# Task directions
Nothing but the pictures should be dropped when the records are transcribed word for word.

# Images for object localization

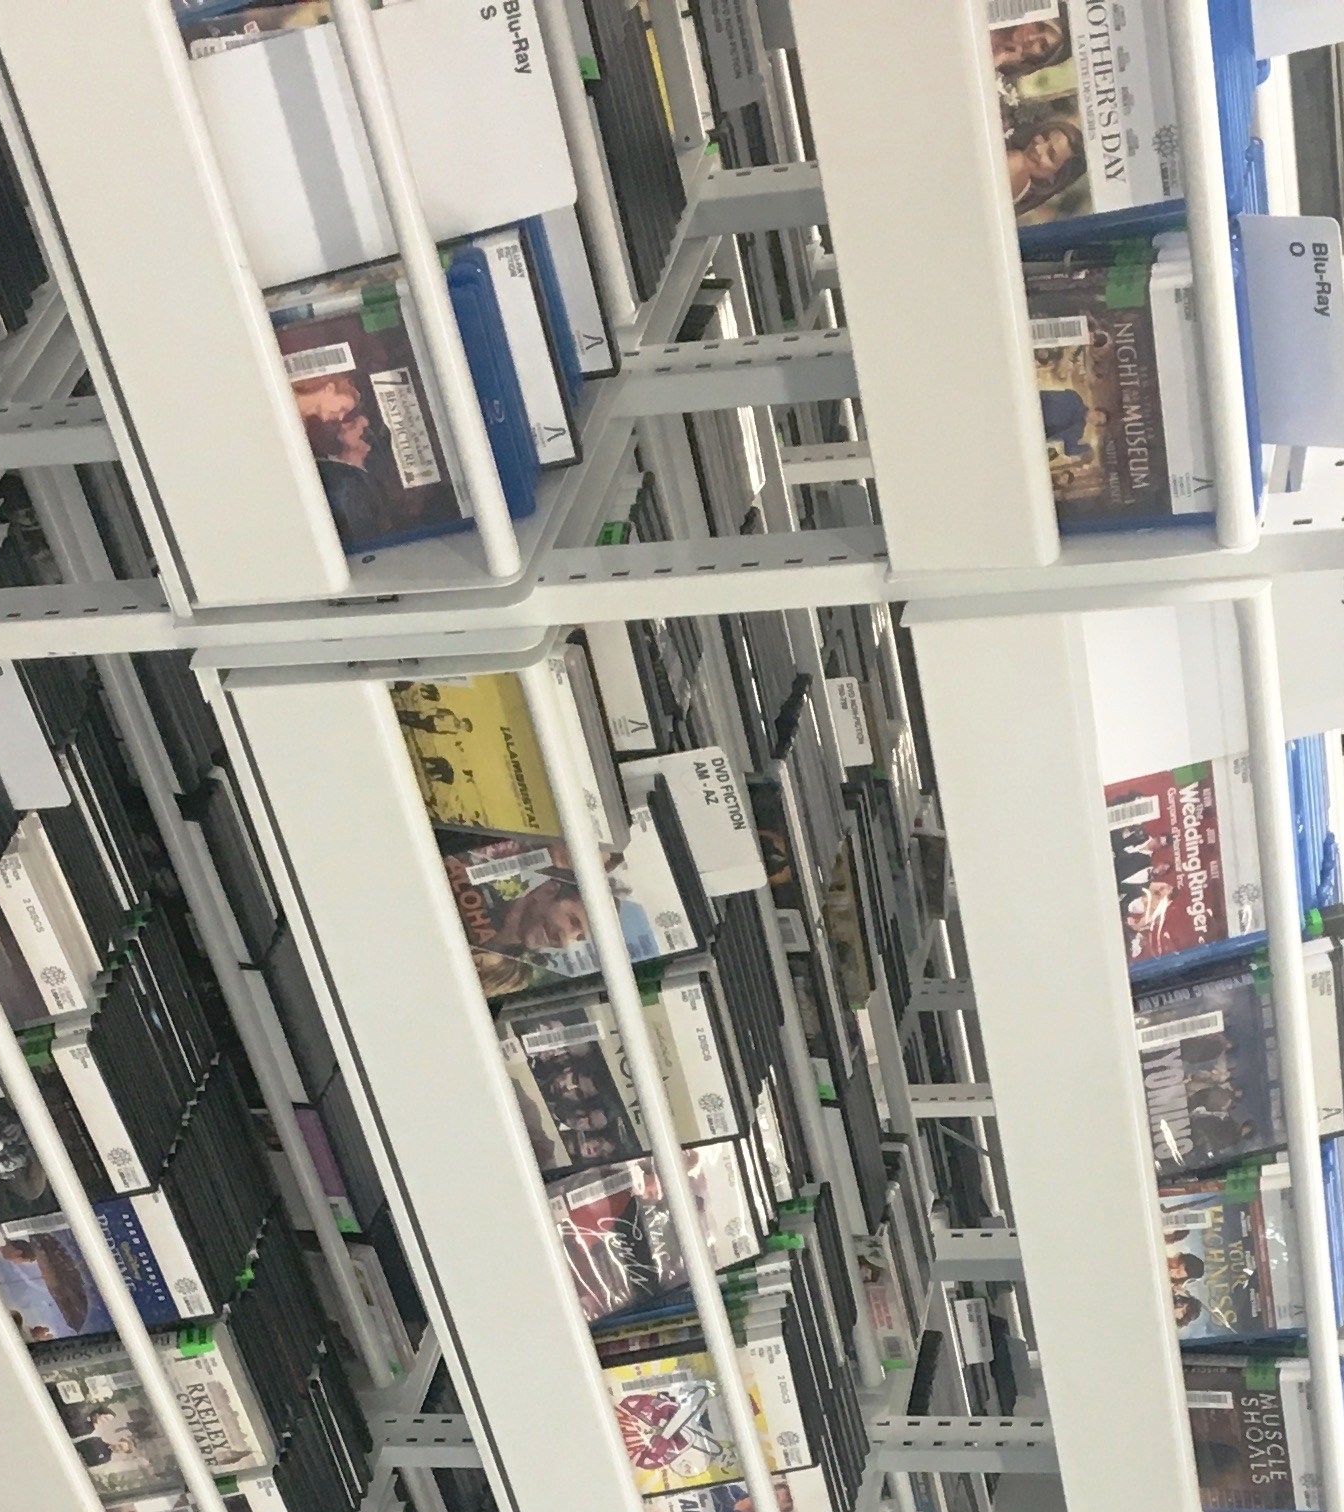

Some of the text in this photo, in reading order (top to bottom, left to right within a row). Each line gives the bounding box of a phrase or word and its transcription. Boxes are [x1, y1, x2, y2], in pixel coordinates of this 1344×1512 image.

[480, 4, 498, 21] S
[503, 0, 532, 75] Blu-Ray
[1085, 0, 1121, 129] OTHER'S
[1100, 133, 1127, 184] DAY
[1289, 241, 1306, 258] O
[1312, 243, 1332, 317] Blu-Ray
[373, 371, 409, 387] 7
[1113, 322, 1140, 387] NIGHT
[386, 390, 415, 469] BEST PICTURE
[1120, 404, 1150, 489] MUSEUM
[693, 761, 711, 781] AM
[704, 789, 718, 806] AZ
[711, 757, 746, 831] DVD FICTION
[1178, 782, 1209, 933] Wedding Ringer
[22, 897, 45, 934] 2 DISCS
[443, 857, 496, 946] ALOHA
[698, 1034, 712, 1062] DISCS
[1202, 1204, 1238, 1327] HIGHNESS
[1227, 1240, 1247, 1293] YOUR
[186, 1383, 231, 1451] RKELEY
[1240, 1396, 1270, 1485] SHOALS
[1257, 1393, 1288, 1481] MUSCLE

# Solution to the problem
Some of the text in this photo, in reading order (top to bottom, left to right within a row). Each line gives the bounding box of a phrase or word and its transcription. Boxes are [x1, y1, x2, y2], in pixel coordinates of this 1344×1512 image.

[480, 4, 498, 21] S
[503, 0, 532, 75] Blu-Ray
[1085, 0, 1121, 129] OTHER'S
[1100, 133, 1127, 184] DAY
[1289, 241, 1306, 258] O
[1312, 243, 1332, 317] Blu-Ray
[373, 371, 409, 387] 7
[1113, 322, 1140, 387] NIGHT
[386, 390, 415, 469] BEST PICTURE
[1120, 404, 1150, 489] MUSEUM
[693, 761, 711, 781] AM
[704, 789, 718, 806] AZ
[711, 757, 746, 831] DVD FICTION
[1178, 782, 1209, 933] Wedding Ringer
[22, 897, 45, 934] 2 DISCS
[443, 857, 496, 946] ALOHA
[698, 1034, 712, 1062] DISCS
[1202, 1204, 1238, 1327] HIGHNESS
[1227, 1240, 1247, 1293] YOUR
[186, 1383, 231, 1451] RKELEY
[1240, 1396, 1270, 1485] SHOALS
[1257, 1393, 1288, 1481] MUSCLE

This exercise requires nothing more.